Et que dire du natif de Malmesbury Pieter de Villiers, qui a calé la mêlée bleue à 69 reprises de 1999 à 2007, participant aux deux éliminations des All Blacks en Coupe du monde ainsi qu’à deux Grands Chelems dans le Tournoi des VI nations? Depuis le début de son mandat, Marc Lièvremont n’a jamais convoqué d’étrangers en équipe nationale, malgré les appels du pied de deux autres Sud-af’, Claassen et Vosloo.

A noter aussi dans l’hémisphère Nord, deux Australiens en kilt grâce à leur grand-mère: Dan Parks et Nathan Hines. Ou encore un buveur de Guinness d’origine australienne, Tom Court (et on en oublie). Ils marchent dans les pas de leurs aînés, une belle ribambelle de joueurs de l’hémisphère sud pas assez bons pour y rester, mais juste assez pour gagner des sélections de l’autre côté du globe. Comme Shane Howarth, quatre fois All Black en 1994 puis international Gallois lors du Mondial 1999. Comme les frères Leslie, fils de All Black, et 60 tests à eux deux pour l’Ecosse à la même époque.

Ascendance ou résidence

Avant, on représentait une fédération et non une nation, ce qui expliquait la facilité avec laquelle certains pouvaient changer de maillot, au risque de perdre tout le monde. Le système est beaucoup plus simple désormais, grâce à l’intervention de l’IRB. Au tournant des années 2000, l’International Rugby Board, la FIFA de l’ovalie, a décidé de clarifier les règles de nationalité pour mettre fin au foutoir des nineties, en imposant le principe de la représentation unique (un joueur ne peut représenter qu’une sélection nationale pendant sa carrière). 

L’Australie et surtout la Nouvelle-Zélande sont d’ailleurs pointées du doigt pour leur entreprise de pillage des plus petites fédérations. Les Australiens ont notamment compté dans leurs rangs le Tongien Toutai Kefu et le pilier argentin Patricio Noriega, Puma de 1991 à 1995 puis Wallaby de 1998 à 2003. Plus récemment, Lote Tuqiri (30 essais en 67 sélections) avait lui évolué avec la sélection fidjienne de rugby à XIII avant de revêtir le maillot vert et or.

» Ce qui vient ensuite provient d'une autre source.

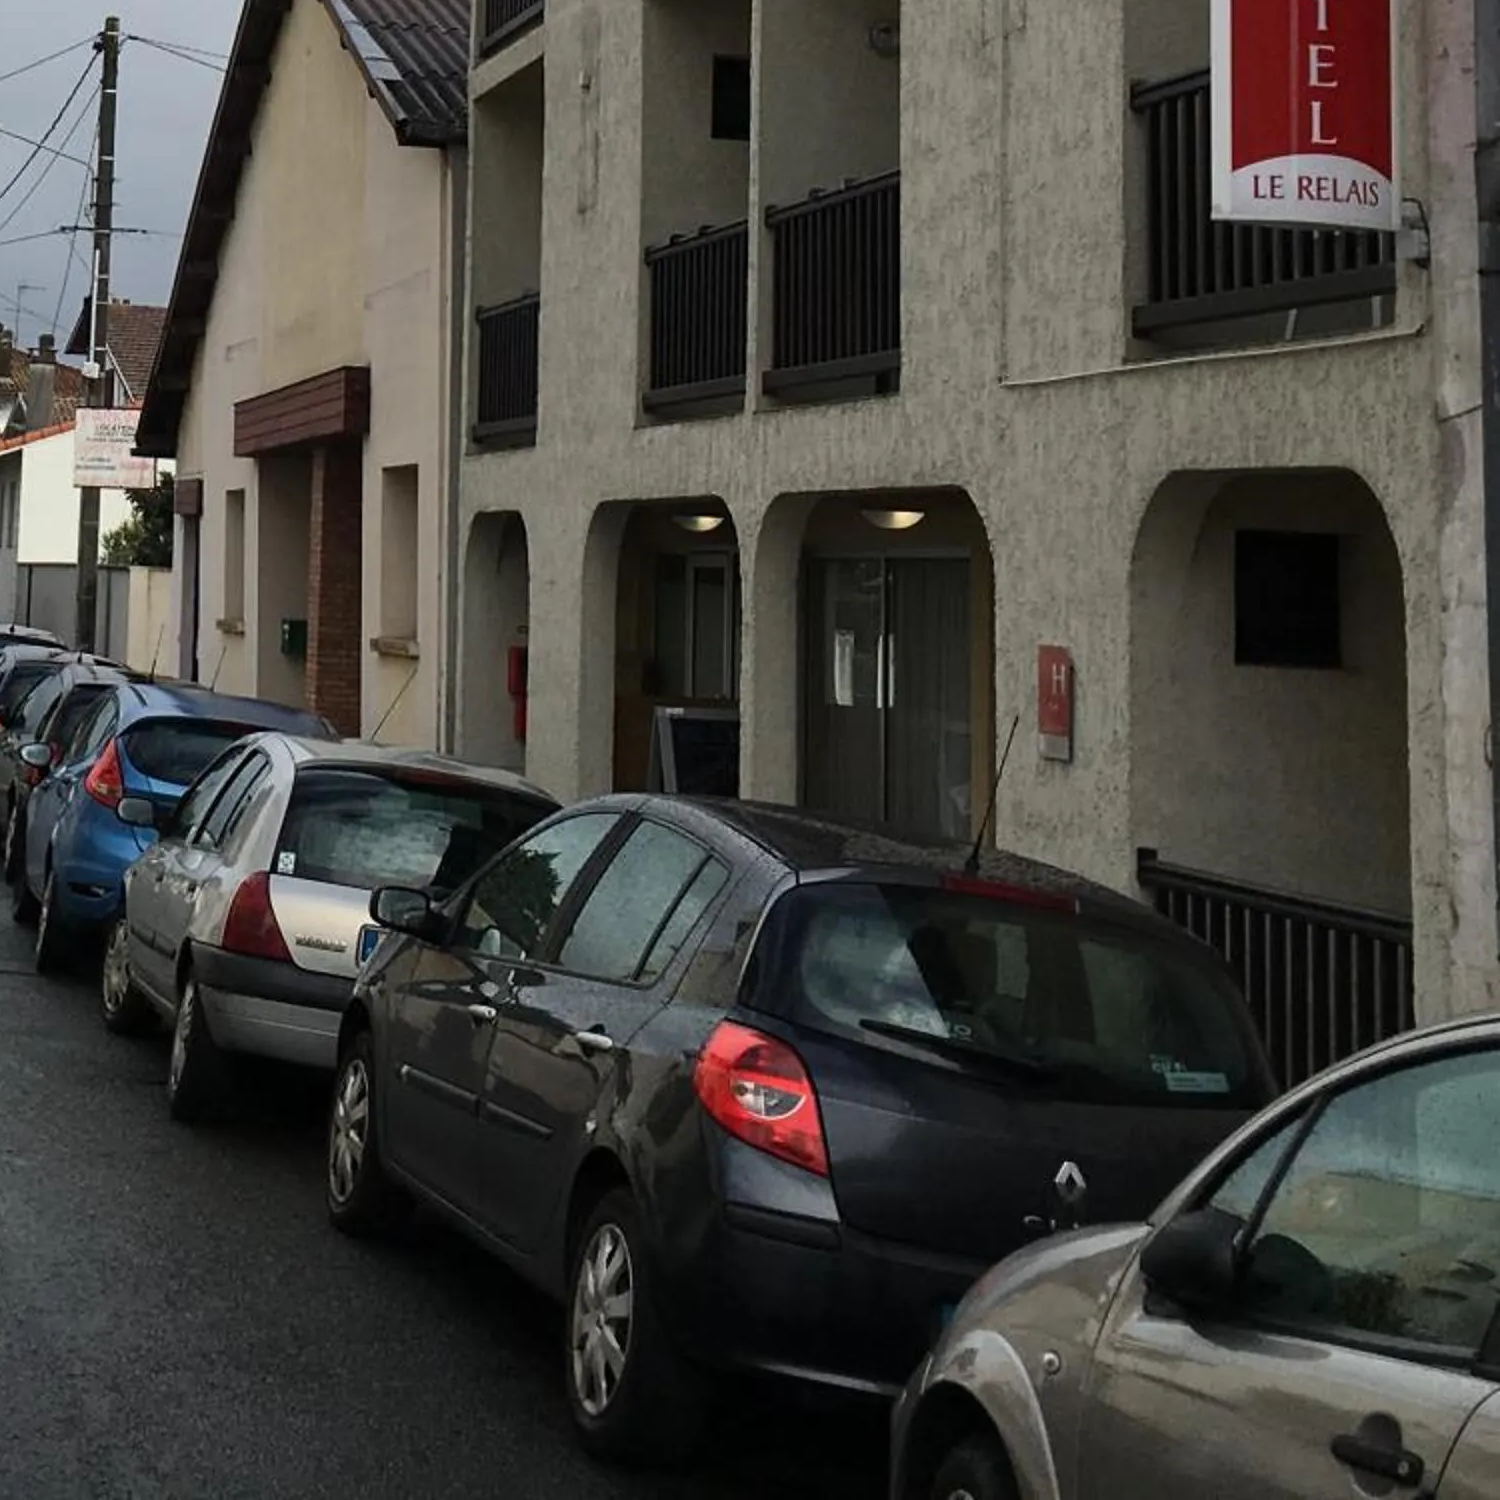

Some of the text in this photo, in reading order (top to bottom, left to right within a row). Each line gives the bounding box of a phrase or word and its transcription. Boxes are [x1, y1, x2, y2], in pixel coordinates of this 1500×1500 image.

[1253, 175, 1380, 206] LE RELAIS
[1051, 663, 1066, 695] H

En Nouvelle-Zélande, on a désormais pris l’habitude de repérer rapidement les jeunes d’origine polynésienne, de les intégrer dans la All Black Factory, et d'empêcher les pays du Pacifique de venir les récupérer. Tant pis pour les Samoa, qui, selon les anciennes règles, pourraient faire jouer les ex-All Blacks Rodney So’oialo et Jerry Collins, en attendant Jerome Kaino. Les Fidjiens, eux, ont perdu dans l’opération Rokocoko et Sivivatu.

En ce qui concerne ce dernier, futur joueur de Clermont, la fédération néo-zélandaise s’est même assurée que la rencontre des hommes en noir contre les Pacific Islanders (sélection qui regroupe des joueurs des Samoa, Fidji et Tonga), à laquelle Sivivatu avait participé en 2004, ne soit pas considérée comme un test-match au sens réglementaire. Ce qui lui a permis de récupérer le joueur pour en faire un All Black l’année suivante.

Les petites fédérations ne peuvent donc plus récupérer leurs stars vieillissantes afin qu’elles rendent quelques derniers services à leur pays natal. Cela a le don d’énerver le Premier ministre samoan Tuilaepa Sailele Malielegaoi, qui rêve que ses voisins du Pacifique aient «les tripes» de s’attaquer «au monopole de l’IRB» et de remettre en cause le principe de la nationalité unique. Egalement président de la fédé locale, Malielegaoi égratigne tout autant les puissances néo-zélandaise et australienne, «ces couards qui feraient mieux de se dresser et de se battre».

En prenant son raisonnement à rebours, on peut aussi considérer que les nations du Pacifique profitent de la formation néo-zélandaise pour se renforcer avec des joueurs en-dessous du niveau All Blacks, mais passés par les bonne écoles (ça vous rappelle rien, ce débat sur les binationaux?). 17 joueurs nés en Nouvelle-Zélande portent les couleurs des Manu Samoa.